> **Entries provided**
#####

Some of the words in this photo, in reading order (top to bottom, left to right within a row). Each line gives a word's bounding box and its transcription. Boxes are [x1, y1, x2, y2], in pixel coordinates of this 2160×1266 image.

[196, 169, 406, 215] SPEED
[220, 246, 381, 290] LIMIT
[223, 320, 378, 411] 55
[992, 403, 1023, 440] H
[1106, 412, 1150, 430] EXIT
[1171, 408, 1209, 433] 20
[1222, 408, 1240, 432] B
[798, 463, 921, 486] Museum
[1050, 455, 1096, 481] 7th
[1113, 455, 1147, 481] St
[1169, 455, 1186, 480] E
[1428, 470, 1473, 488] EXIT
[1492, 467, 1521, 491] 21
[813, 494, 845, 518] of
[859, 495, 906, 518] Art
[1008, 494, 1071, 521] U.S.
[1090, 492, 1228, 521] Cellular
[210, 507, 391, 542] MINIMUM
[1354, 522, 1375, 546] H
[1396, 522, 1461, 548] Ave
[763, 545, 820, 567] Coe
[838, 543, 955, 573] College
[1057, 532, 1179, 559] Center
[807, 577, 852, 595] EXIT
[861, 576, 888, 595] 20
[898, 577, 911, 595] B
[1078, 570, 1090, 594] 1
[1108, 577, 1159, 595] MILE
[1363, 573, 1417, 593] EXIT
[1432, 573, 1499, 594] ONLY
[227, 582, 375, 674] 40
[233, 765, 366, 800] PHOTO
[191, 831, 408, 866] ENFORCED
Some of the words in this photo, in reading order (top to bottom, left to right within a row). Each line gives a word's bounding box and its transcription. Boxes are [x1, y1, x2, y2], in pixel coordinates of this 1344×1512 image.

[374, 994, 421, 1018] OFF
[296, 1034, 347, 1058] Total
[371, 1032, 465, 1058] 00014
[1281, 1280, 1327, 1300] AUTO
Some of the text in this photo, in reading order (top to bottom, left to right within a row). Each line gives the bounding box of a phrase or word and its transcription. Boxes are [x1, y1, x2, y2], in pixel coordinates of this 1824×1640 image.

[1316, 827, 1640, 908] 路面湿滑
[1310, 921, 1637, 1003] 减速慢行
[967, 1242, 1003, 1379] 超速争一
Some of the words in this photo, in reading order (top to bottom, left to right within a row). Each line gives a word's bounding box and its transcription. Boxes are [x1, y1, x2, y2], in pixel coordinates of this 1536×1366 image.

#####

> **Problem statement**
The expected answer is the lines from the one containing "Some of the text" through the end of the material, reproduced exactly with both ends kept.

> **Reply**
Some of the text in this photo, in reading order (top to bottom, left to right within a row). Each line gives the bounding box of a phrase or word and its transcription. Boxes are [x1, y1, x2, y2], in pixel coordinates of this 1824×1640 image.

[1316, 827, 1640, 908] 路面湿滑
[1310, 921, 1637, 1003] 减速慢行
[967, 1242, 1003, 1379] 超速争一
Some of the words in this photo, in reading order (top to bottom, left to right within a row). Each line gives a word's bounding box and its transcription. Boxes are [x1, y1, x2, y2], in pixel coordinates of this 1536×1366 image.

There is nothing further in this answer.